Ley lines -- hypothetical alignments of a number of places of geographic or archaeologic interest -- were first postulated, at least in our day, by Englishman Alfred Watkins, who came up with all sorts of mystical alignments between archaeological sites in England in the early 1920s. He believed, and many do today, that these alignments were not of mere chance, but that Site A aligned with Sites B, C, and D because the ancients found, or believed to have found, a line of power that, if strung with beads of archaeological significance, would impart some of that power to the sites, and thus to humanity.

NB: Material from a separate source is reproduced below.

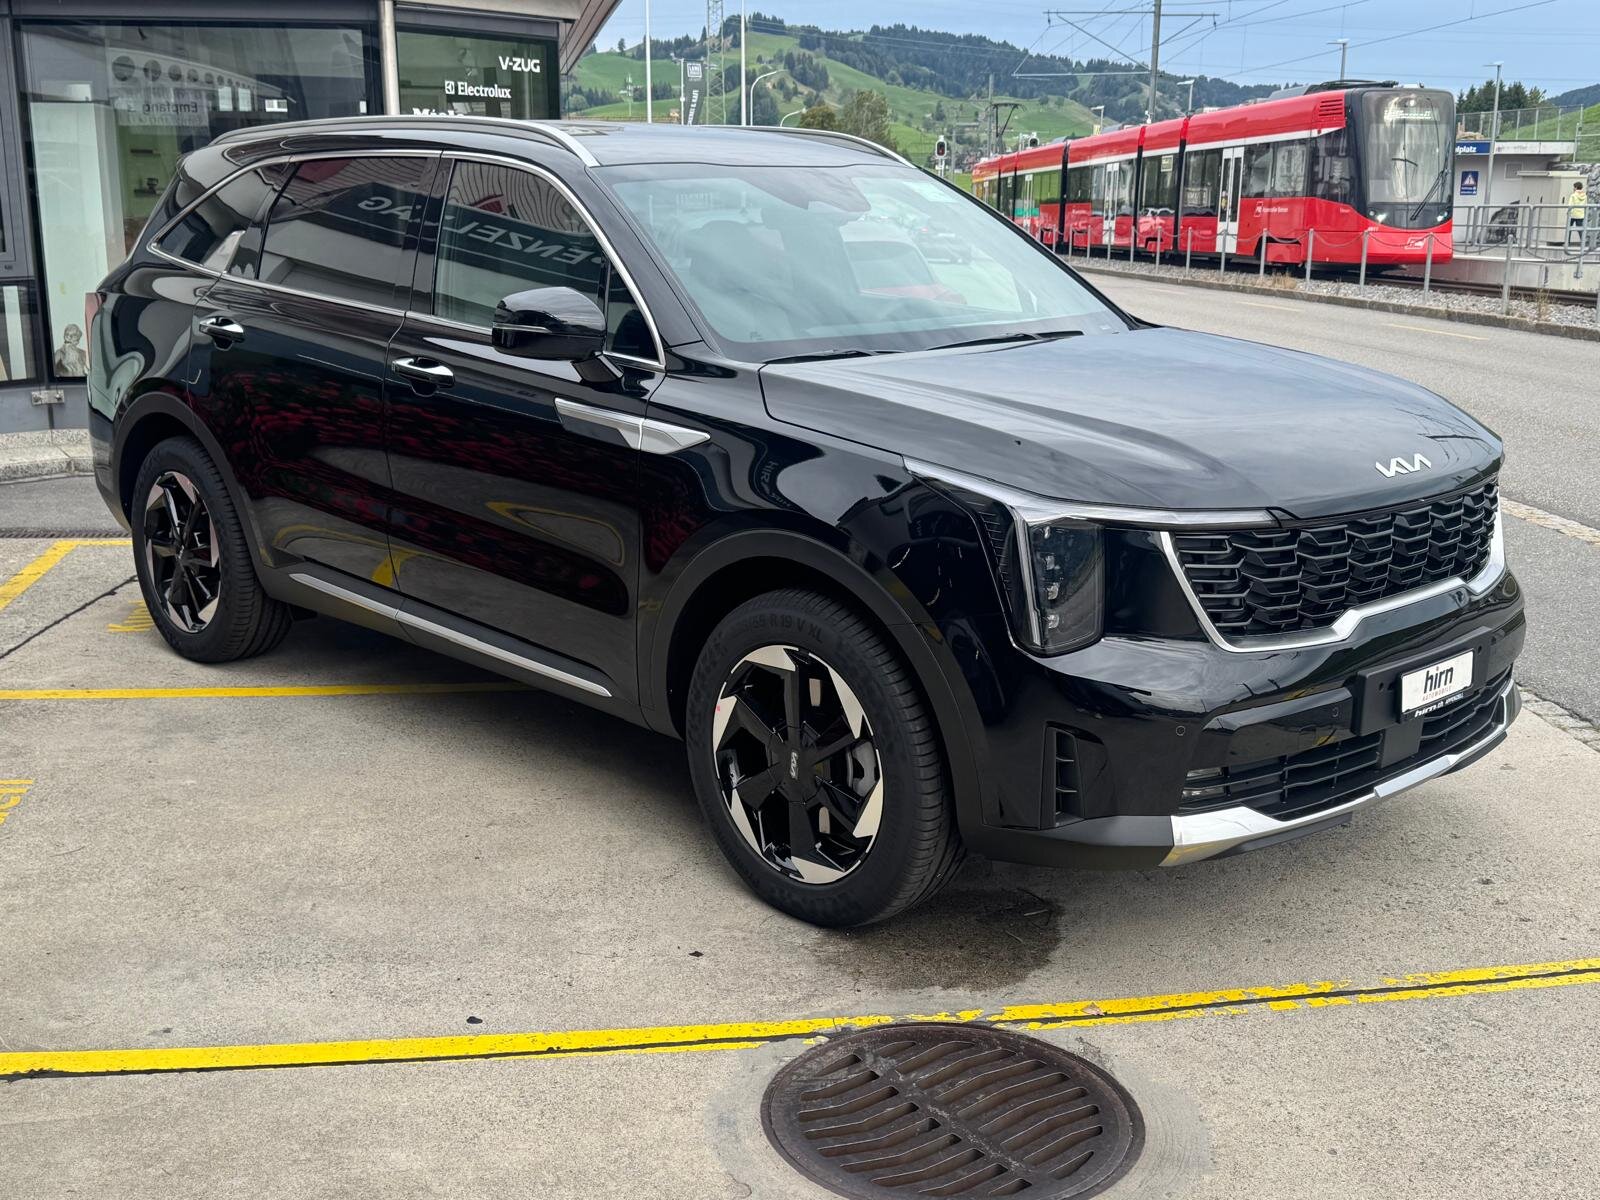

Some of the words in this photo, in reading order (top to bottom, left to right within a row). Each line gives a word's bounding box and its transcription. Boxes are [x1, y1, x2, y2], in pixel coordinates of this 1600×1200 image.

I don't know that I believe all of that. But using the concept of ley lines, I can look at the Internet in a different way. We're not all brilliant here by any measure of the word. But through our blogs, our social networks, our inane comments on YouTube and our useless attempts at convincing others to accept our world view on any number of message boards and comment sites, we're creating our own Internet ley line. We're trying to line up our artifacts to form some kind of mystical connection to a world that remains as large as it was when Columbus sailed the ocean in 1492. Sure, we can cross the Atlantic in seconds now, but only in the sense of spitting a few hundred thousand electrons that way.

Where am I going with all this? Nowheres in particular. I'm still here at home, reaching out to intersect with your ley line. Or are we not supposed to cross the streams?